Le chiffre de la population catholique s’élève à environ 200 000 ; il est encore minime assurément et semble perdu dans la masse de 85 millions d’habitants. Cependant, il atteste une augmentation de 25 à 30 pour cent sur le chiffre de l’année précédente, et surtout, il représente un ferment plein de dynamisme et en activité sur tous les points géographiques, dans tous les milieux sociaux.
A mesure que ses effectifs augmentent, l’Église se réorganise en créant de nouveaux diocèses ; elle met en place un système de districts conférant à un évêque la capacité de confier des circonscriptions à des instituts religieux ou missionnaires. En 1952, est créé un Comité central des œuvres chargé de coordonner les efforts des missionnaires, de leur fournir les moyens d’action et d’éditer des manuels scolaires d’inspiration catholique. Cette organisation jouit d’un statut juridique officialisé par la législation du pays, marquant une rupture avec la période précédant la guerre. En 1963, on compte 16 diocèses.

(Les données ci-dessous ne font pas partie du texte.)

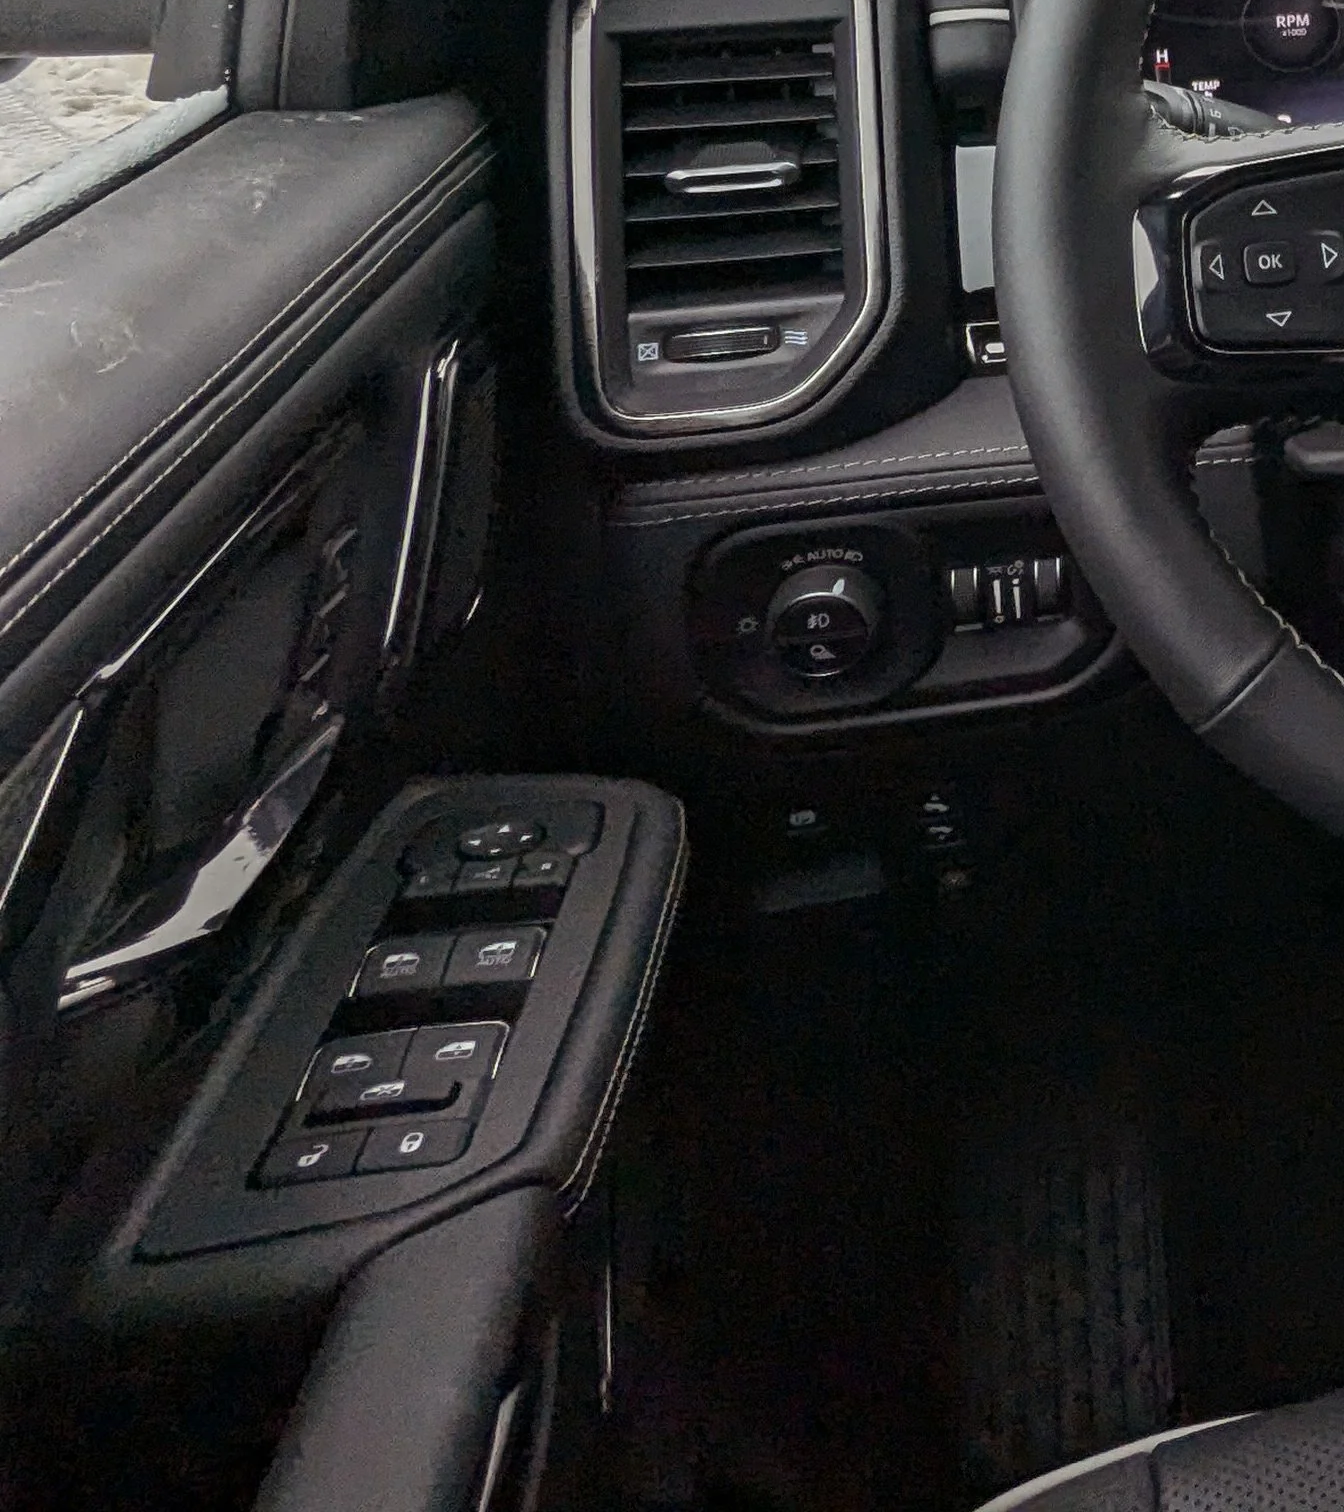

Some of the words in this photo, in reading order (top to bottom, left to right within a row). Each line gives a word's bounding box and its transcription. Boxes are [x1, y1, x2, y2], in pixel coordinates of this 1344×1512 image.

En 1960, Mgr Doï, archevêque de Tōkyō, est nommé cardinal par le Pape Jean XXIII. Après le concile Vatican II, de nouvelles perspectives d’évangélisation s’ouvrent. Tandis que le souci d’éducation des enfants se manifeste par la création de nombreux jardins d’enfants dans les paroisses, certains missionnaires mettent l’accent sur la formation des laïcs, en vue de porter un témoignage dans leur milieu de vie. En 1962, le P. Jean Murgue fonde un Centre d’études sociales pour faire connaître la doctrine sociale de l’Église.
A partir de 1976-1977, l’arrivée au Japon de réfugiés d’Indochine marque une ouverture humanitaire impulsée par l’Église et la création de « Caritas-Japon », organisme qui se charge d’organiser les structures d’accueil et de sensibiliser la communauté catholique à la situation des réfugiés. L’Église du Japon développe progressivement une conscience asiatique ainsi qu’une solidarité avec d’autres Églises d’Asie. En 1979, après plusieurs tentatives, le Centre de recherches missionnaires de l’épiscopat publie un document intitulé « Pour l’évangélisation de la société japonaise ». Ce texte traite de l’évangélisation de la société japonaise, et insiste sur l’aspect communautaire de l’évangélisation et l’importance de l’inculturation.
En 1980, lors d’une Assemblée générale de la Société des Missions Étrangères, les priorités missionnaires sont redéfinies, la principale étant de poursuivre l’évangélisation. Cependant, l’Assemblée insiste fortement sur le devoir « d’être avec et dans l’Église locale » en acceptant avec sérénité la diminution du nombre de ses propres membres. La priorité est donc de travailler avec les chrétiens locaux pour accélérer le transfert aux Japonais des responsabilités de districts ou de secteurs de diocèses. En outre, une prise de conscience naît quant à l’évolution du rôle des missionnaires dans l’évangélisation de l’archipel nippon au cours des siècles :
On est bien loin de la mission d’il y a cent ans, de la période que certains caractérisent comme celle de « la grande illusion », cette phase de la résurrection de l’Église du Japon inaugurée, après une longue attente, par la reconnaissance de la liberté religieuse dans la Constitution. Les missionnaires de l’époque, tous MEP, s’attendaient à une sorte d’âge d’or, à une période de grand développement. En fait, il n’a pas eu lieu.